Furthermore, his dashboard showed zero API usage, no billable keys, and no payment method on file. He audited his own automation scripts and AI agents, finding nothing that explained the charges.

His bank declined two overseas charge attempts on July 8 because the amounts exceeded the card’s per-transaction limits. The repeated attempts still resulted in his primary credit card being blocked.

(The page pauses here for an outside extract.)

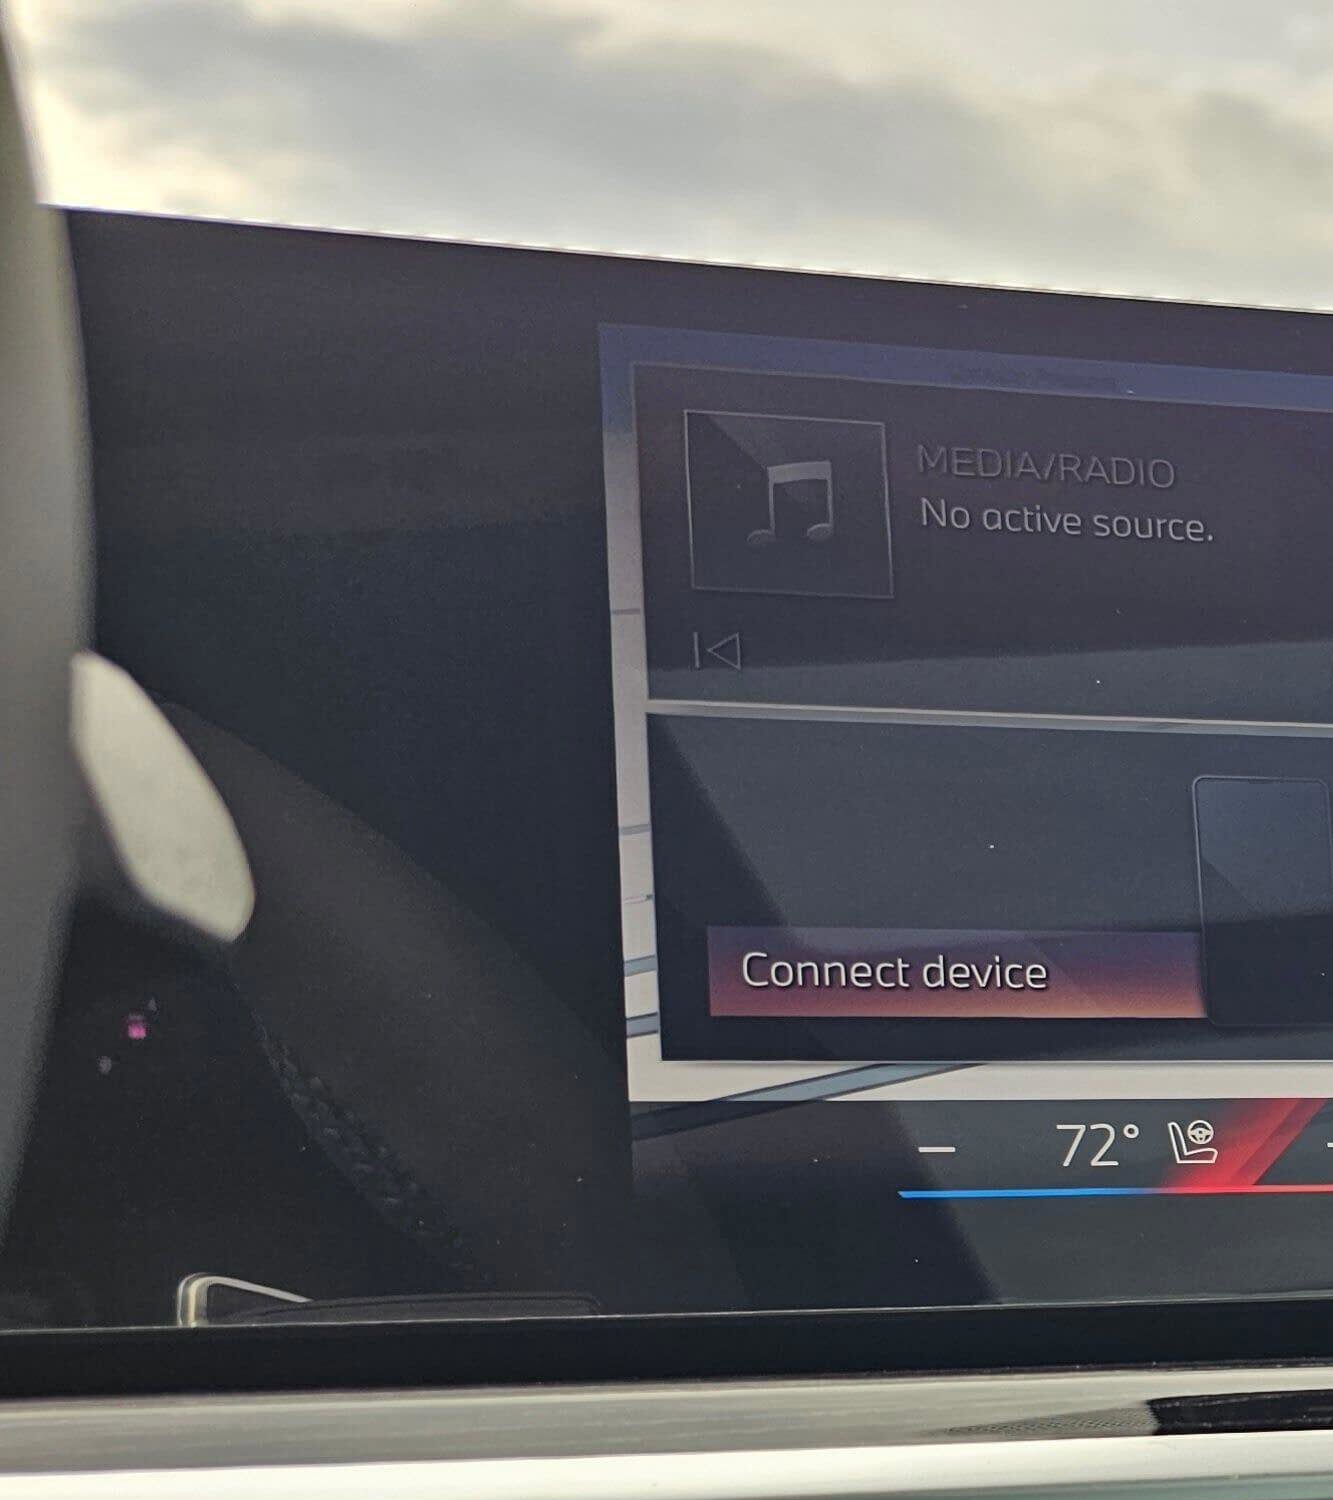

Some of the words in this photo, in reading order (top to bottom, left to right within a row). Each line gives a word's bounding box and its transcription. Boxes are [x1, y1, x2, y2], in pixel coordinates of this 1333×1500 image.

What Caused the Billing Error, According to Anthropic

Anthropic confirmed the mistake on July 12 and assured that no money was collected. The company attributed the invoices to an incorrect automatic credit reload setting, which it disabled as a precaution.

It also clarified that the incident did not involve unauthorized access. Anthropic has not explained how the reload value reached such an extreme figure.

The resolution, however, was far from smooth. The user spent four days and around 18 emails seeking written confirmation that the invoices were void. Meanwhile, automated replies kept arriving instead of human responses. He eventually asked the company to respond by Monday afternoon, Korean time.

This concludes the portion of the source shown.